Category Archives: Grendel

Teach these eyes to see

Of what world do you partake when outward you look?  Or inward even?  Or is it inwardly out or outwardly in?  I feel they be equals in your eyes, halfworlds in the one case, and halfworlds in the other.  For see we not all that you see.

Could I make the journey with you?  I fear the road impassible for all but gods, yet still I must ask.  Your beck rends from me all but good.  I wish to follow.

For my own reflection seen in your eyes tells me of worlds both youngold and oldyoung.  Even the universe pleads for but a moment in those places only you know.  There, where shadows dance with light and stars with worlds, where galaxies take shape on your breath, where universes unfold like petals just to see you smile, there is where I want to be.  Mine eyes ache of desire to consume that which you take for granted.  Or perhaps you don’t.

Secrets shatter under your gaze as watchfulness and understanding intertwine to pierce the shrouds of mystery which blind all other life.  But to have such vision, I fear, methinks I needs be as you, be stood upon high where other gods reach upward to touch your feet.

Already your soul guides me.  Darklight by moon and lightdark by sun, and I find my way by your lamp.

Given so much already you have, I know, yet one more gift I must request: Teach these eyes to see.

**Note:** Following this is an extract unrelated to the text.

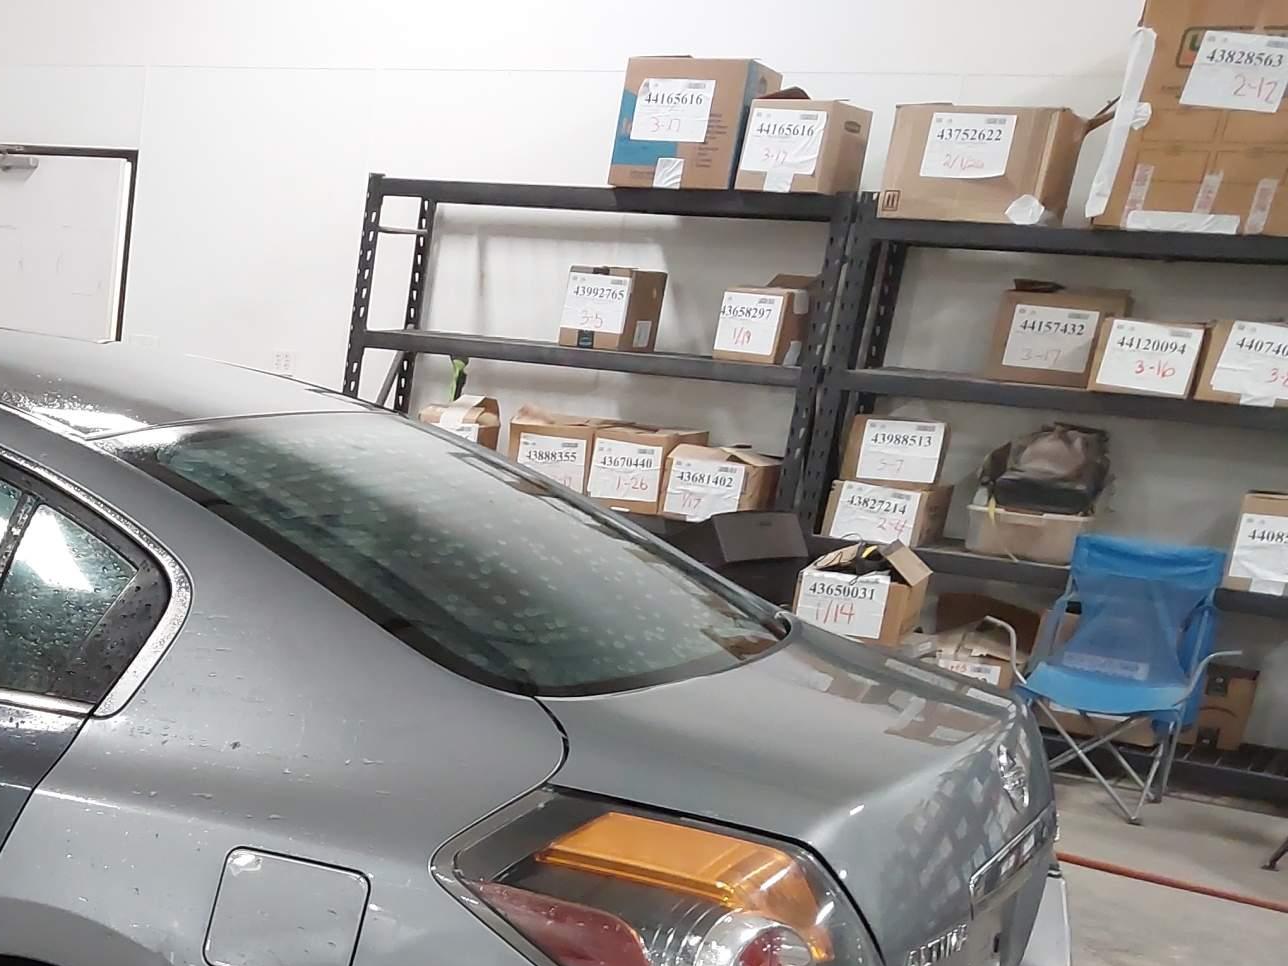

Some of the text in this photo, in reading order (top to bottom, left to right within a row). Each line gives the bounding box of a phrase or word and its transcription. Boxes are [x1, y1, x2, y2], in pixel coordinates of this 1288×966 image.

A close-up of Grendel as he looks out the window (189_8986)

[Grendel]

What wonders do you behold?

A day rarely goes by when I fail to ponder what The Kids have seen.  By that, I do not just mean what casual passing they have observed, what playful tussles they have watched, and what dark worlds they have envisioned through slowly closing eyelids.

Nay, what I consider is far more extravagant than that.

I wonder precisely what magical realms they have studied with their godlike eyes.  What phenomena, invisible to clumsy and weak human eyes, have these five cats seen that I would not—could not—have noticed?

To see through their eyes on but one occasion would be to comprehend finally what the Egyptians worshiped lo these many eons ago.  It would be to comprehend in the briefest and most limited of ways how marvelously powerful these creatures are, to see what we fail to see, to notice the most minuscule thing that otherwise would pass by our primate eyes without worry.

So I ask, Grendel, what wonders do you behold?

Grendel sitting looking out the bedroom windows (189_8925)
A close-up of Grendel's eye as he looks out the bedroom windows (189_8927)

Put the camera away already

This is another video I accidentally shot with the camera on its side (sometimes I do that thinking of it like a picture that can easily be rotated, and only later do I kick myself for having done so).  That means I had to rotate it and add the black blocks on either side in order to maintain the original aspect ratio.  So it’s a bit smaller than usual, but I think you can see it clearly enough.

Words aren’t always necessary to communicate what we want.  Perhaps it’s a gesture or a glance, but we humans pride ourselves in being able to say without our voices precisely what’s on our minds.

Yet it’s another aspect of our unjustified hubris to think such abilities are solely the purview of clumsy upright apes with the ability to speak (but not to think, which should be obvious).

With my fanny firmly planted on the floor one day as I snapped photos and captured videos of The Kids, eventually Grendel had enough and made it abundantly obvious camera time was over.  You can see he kept trying to push it out of the way so we could focus our attention on some quality time.

And when that didn’t work?  Try a little affectionate rubbing for good measure.

Only at the end, and only if you listen very closely, you can hear him purring.  That’s the only sound he made during the entire exchange.  Everything else—volumes of information—came across just fine in touches, glances, and all manner of words unspoken.  And I heard every one of them.